# DATASET EXTRACT
<<<<

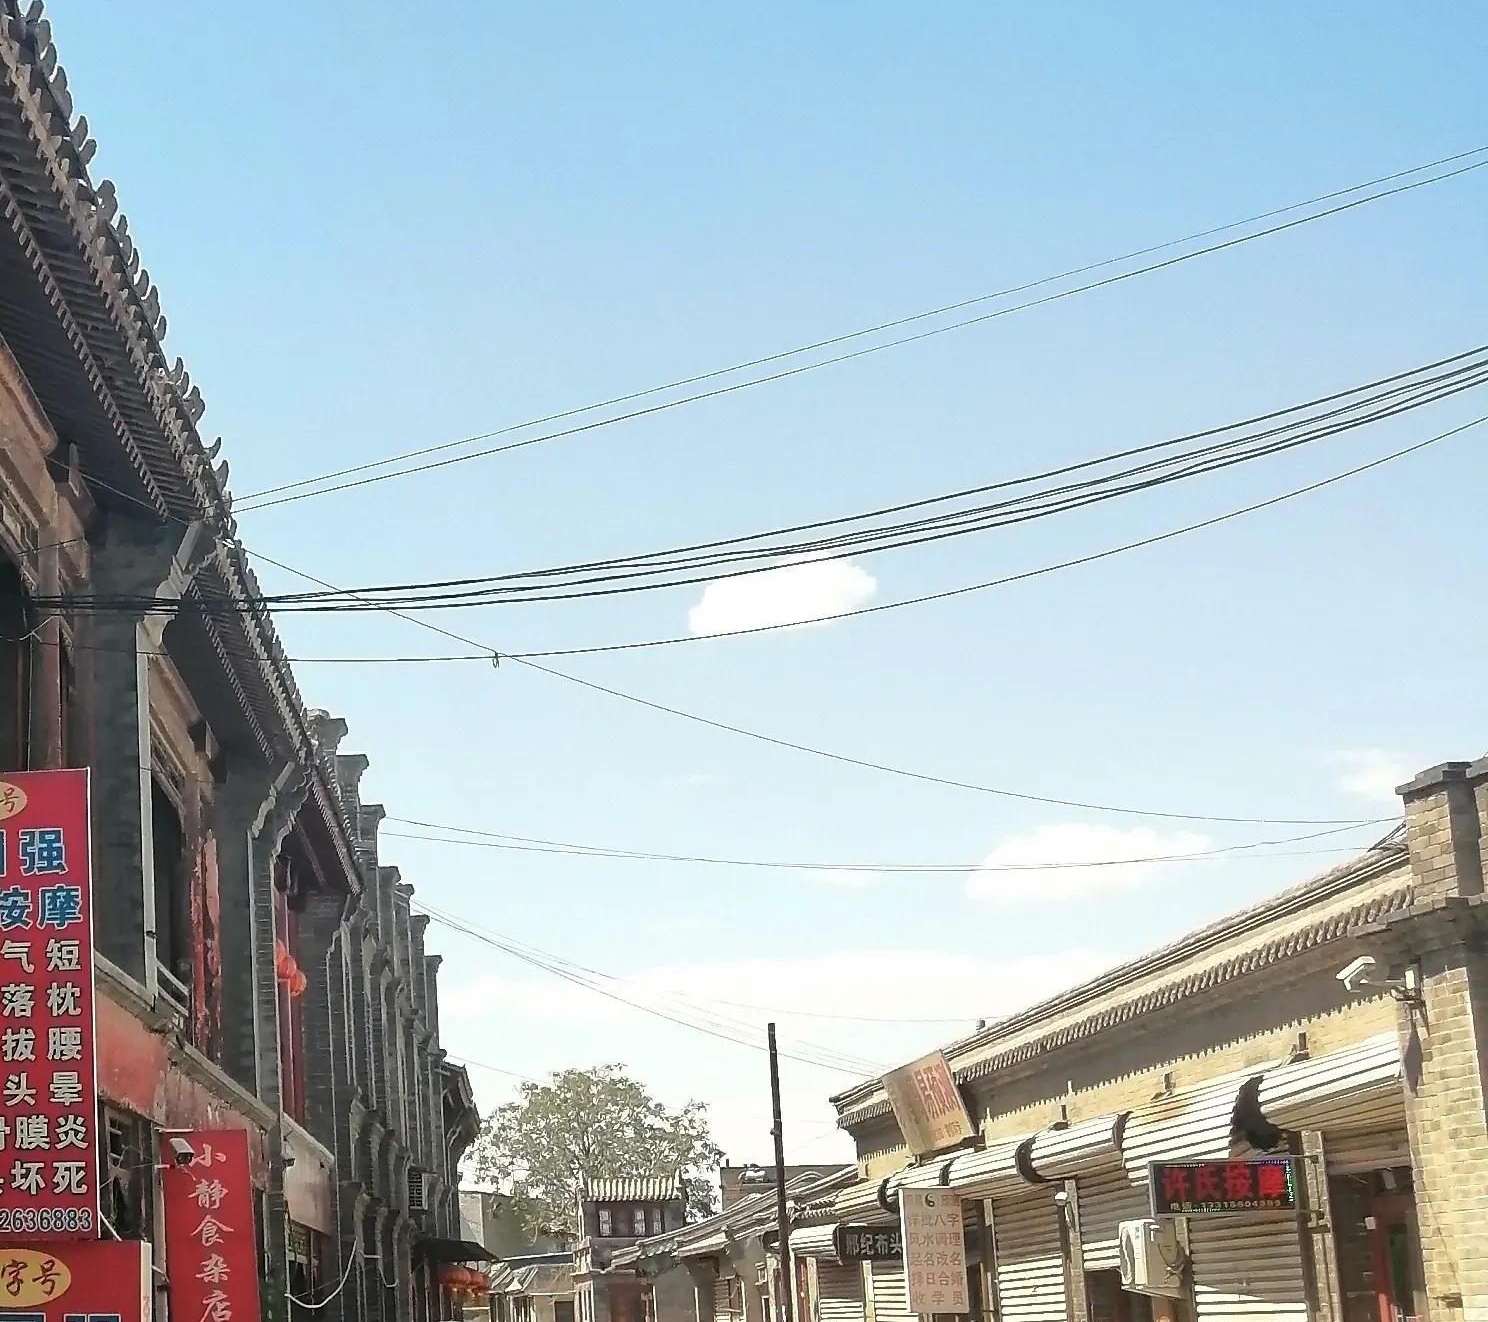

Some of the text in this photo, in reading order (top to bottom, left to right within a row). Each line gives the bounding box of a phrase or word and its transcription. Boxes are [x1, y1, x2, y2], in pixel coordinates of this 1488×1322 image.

[0, 939, 81, 973] 气短
[0, 981, 82, 1018] 落枕
[1, 1027, 82, 1062] 拔腰
[2, 1071, 83, 1107] 头晕
[1162, 1162, 1286, 1201] 许氏按摩
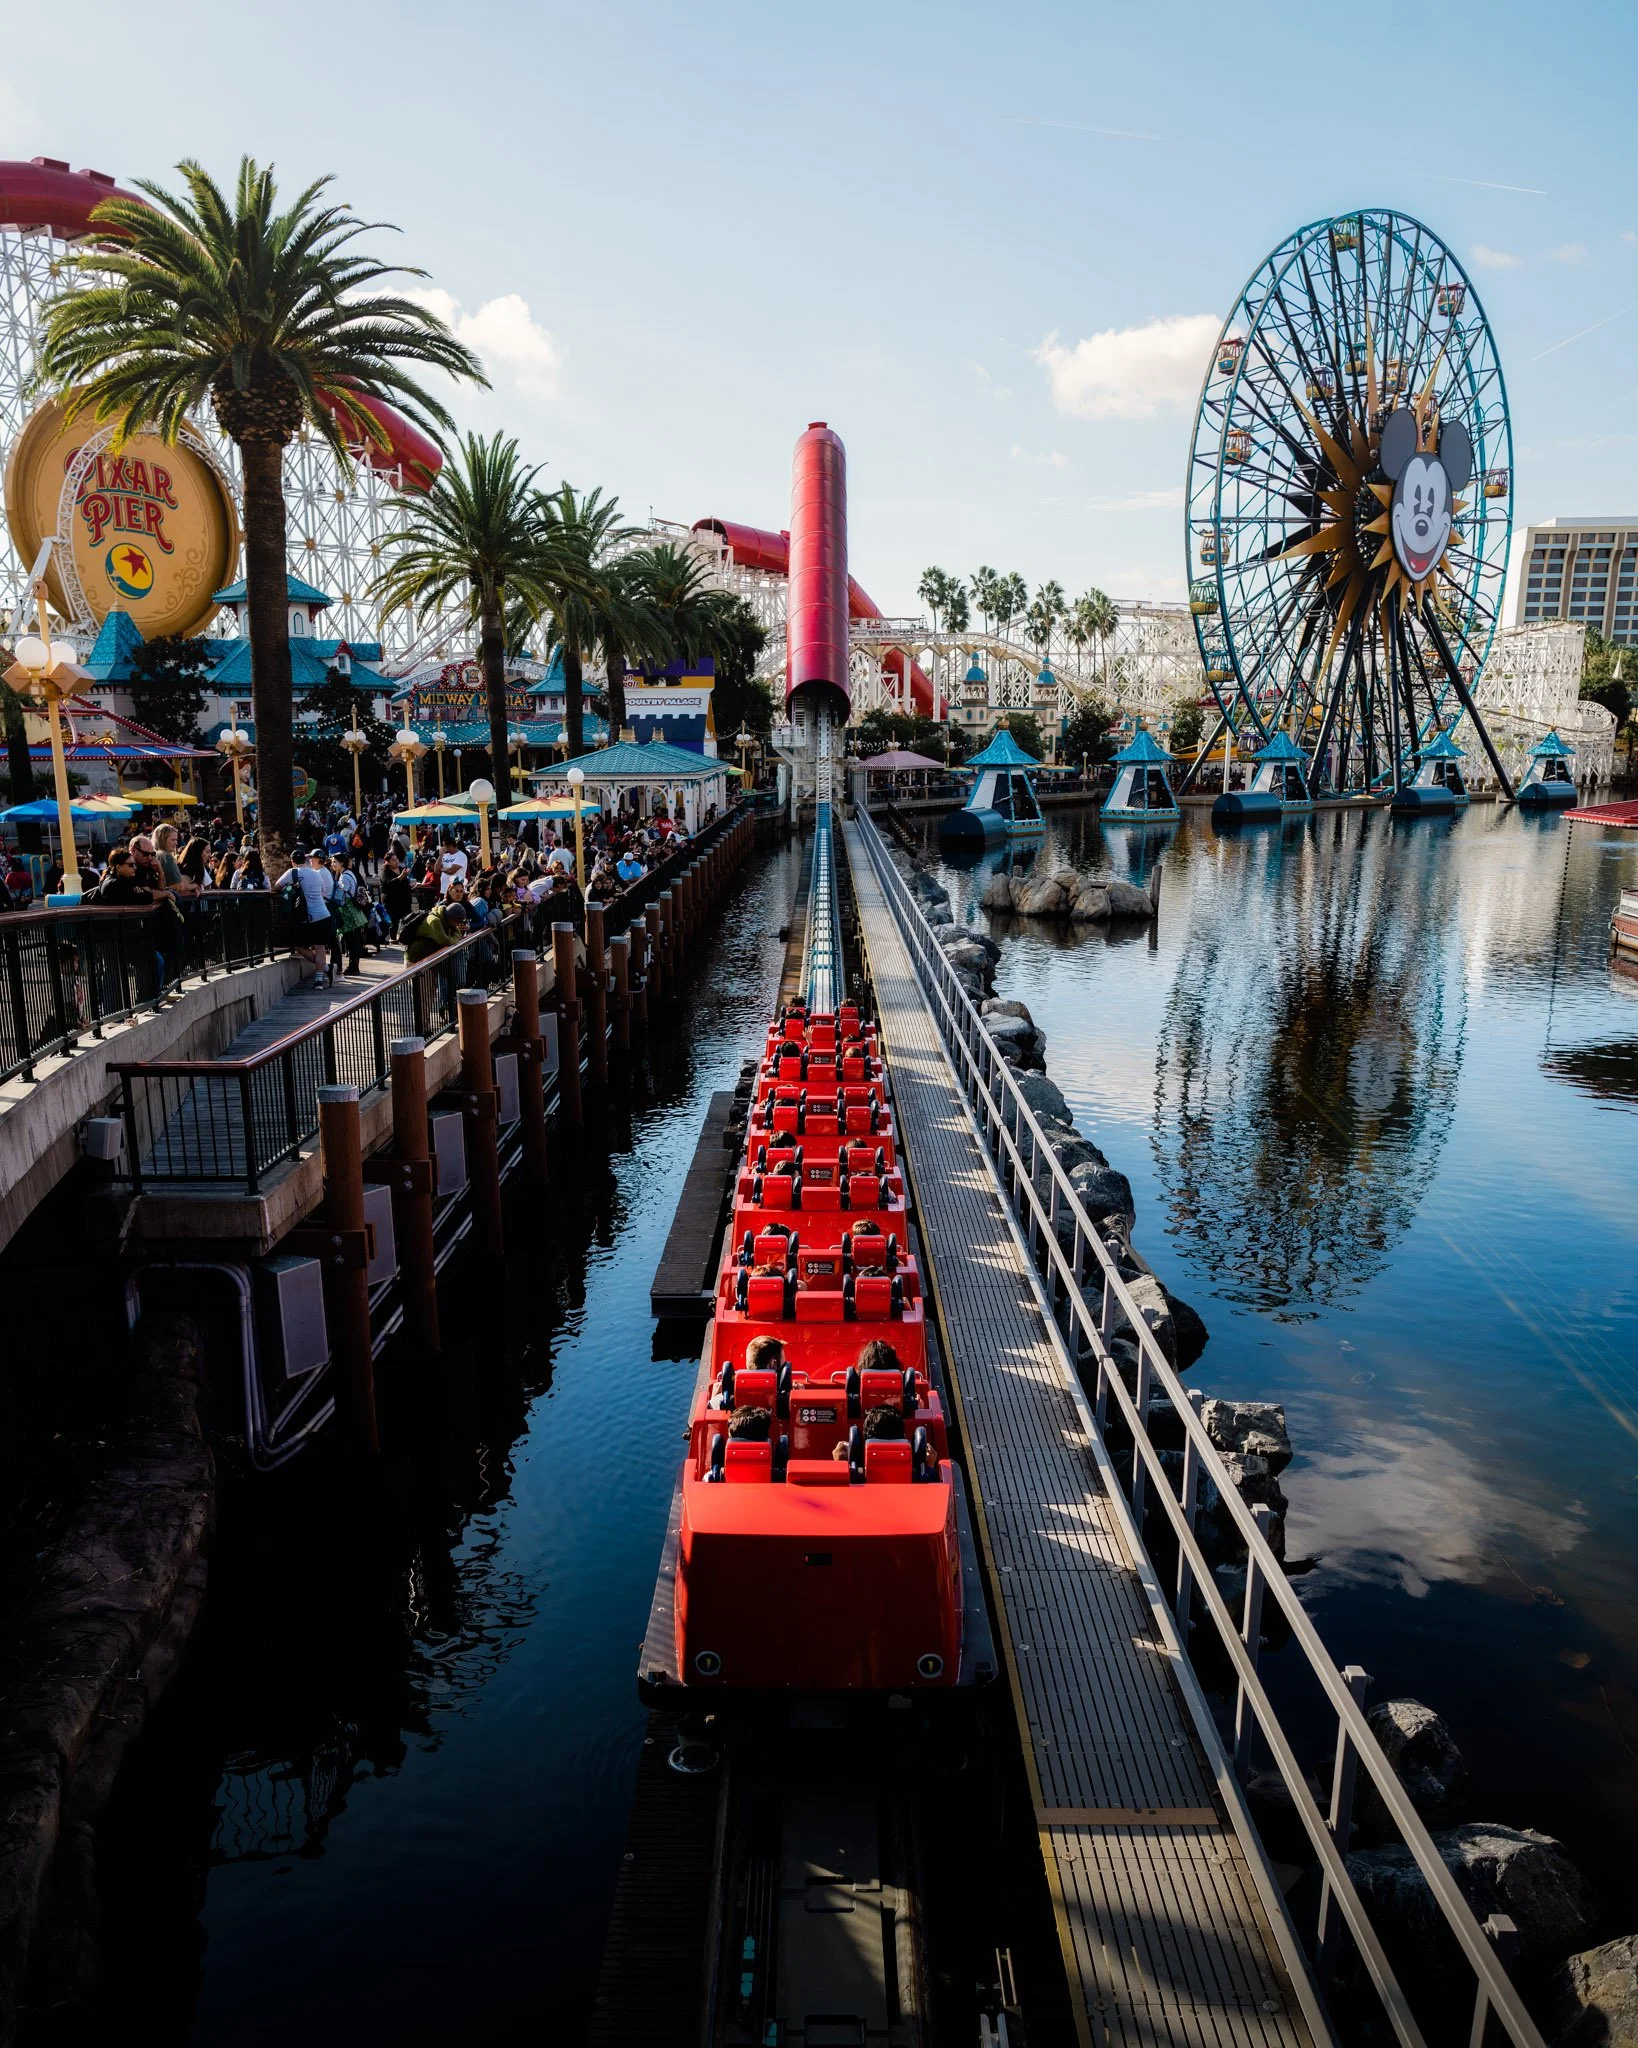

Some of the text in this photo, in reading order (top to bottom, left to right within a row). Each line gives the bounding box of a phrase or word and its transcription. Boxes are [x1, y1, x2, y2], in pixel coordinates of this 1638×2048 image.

[64, 447, 178, 509] PIXAR
[81, 493, 174, 554] PIER
[420, 693, 526, 706] MIDWAY MIA!
[665, 698, 701, 706] PALACE
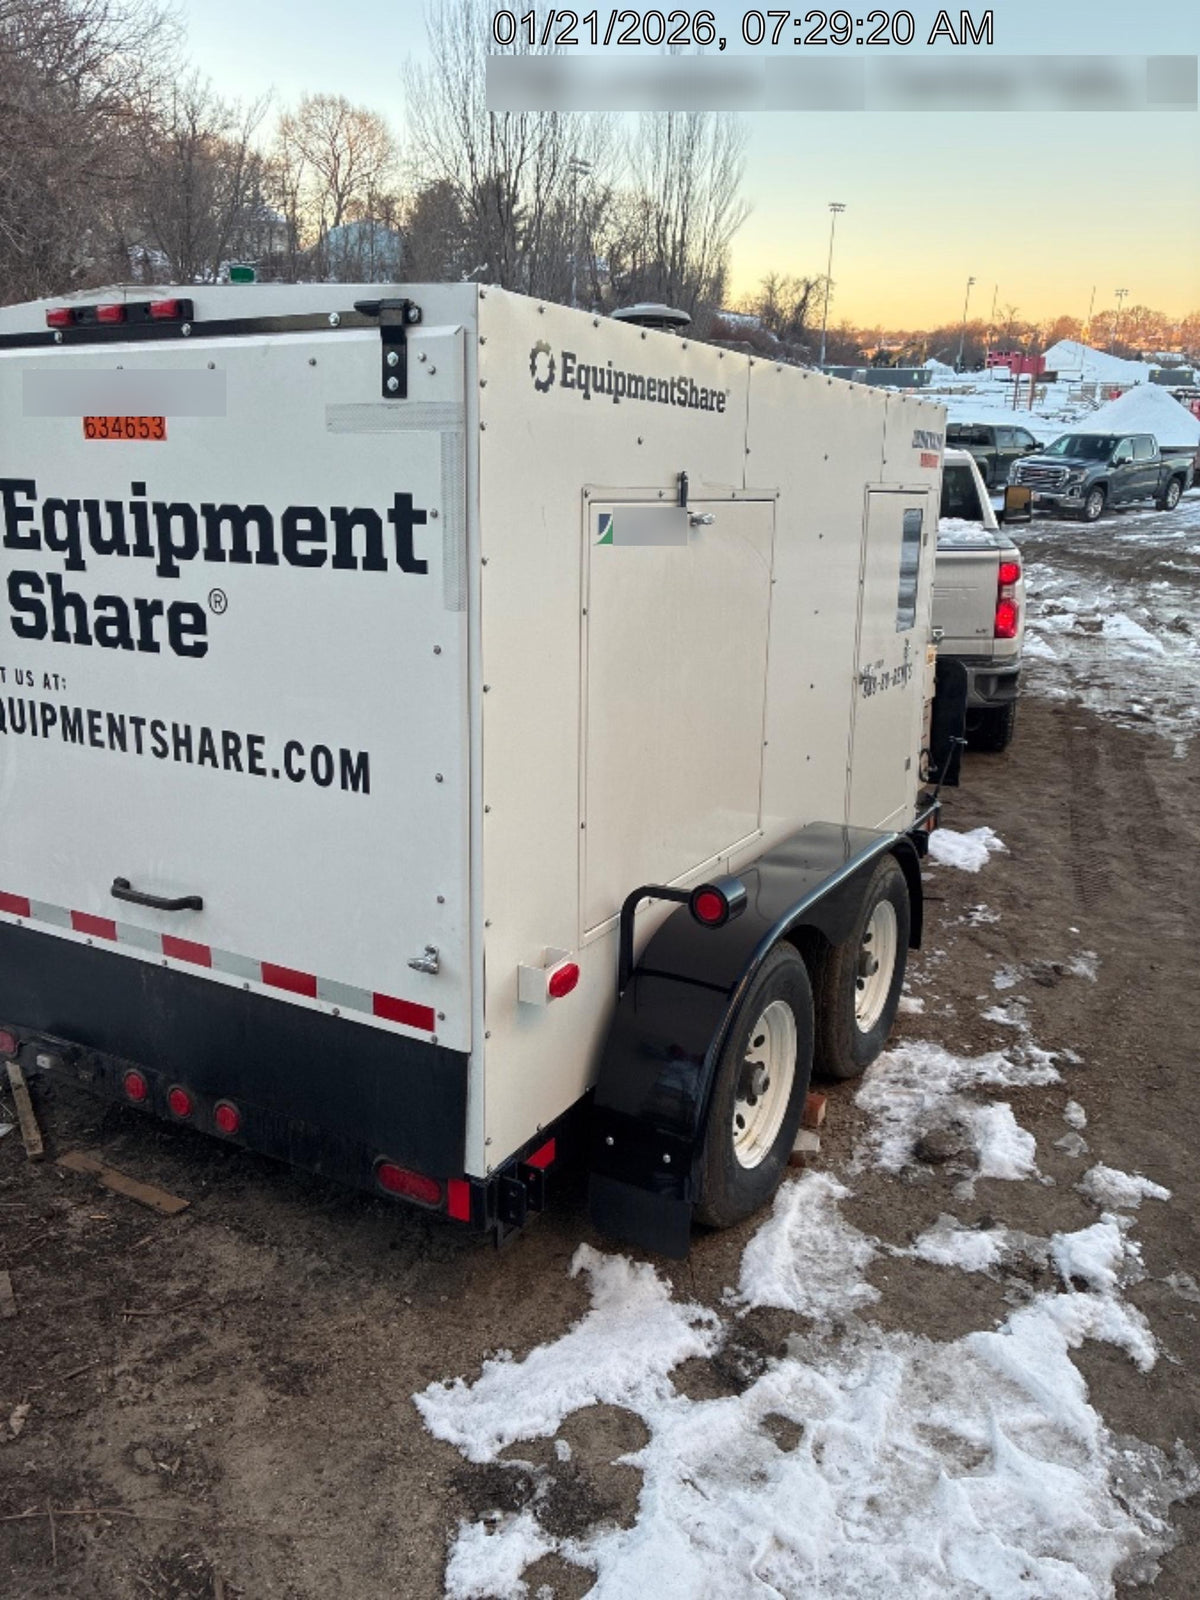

>>>>

# WHAT YOU WILL DO
Please retype exactly the lines from the one containing "this 1638×2048 image." to the last line of the records above, both included, without any pictures.

# EXPECTED ANSWER
Some of the text in this photo, in reading order (top to bottom, left to right within a row). Each line gives the bounding box of a phrase or word and its transcription. Boxes are [x1, y1, x2, y2], in pixel coordinates of this 1638×2048 image.

[64, 447, 178, 509] PIXAR
[81, 493, 174, 554] PIER
[420, 693, 526, 706] MIDWAY MIA!
[665, 698, 701, 706] PALACE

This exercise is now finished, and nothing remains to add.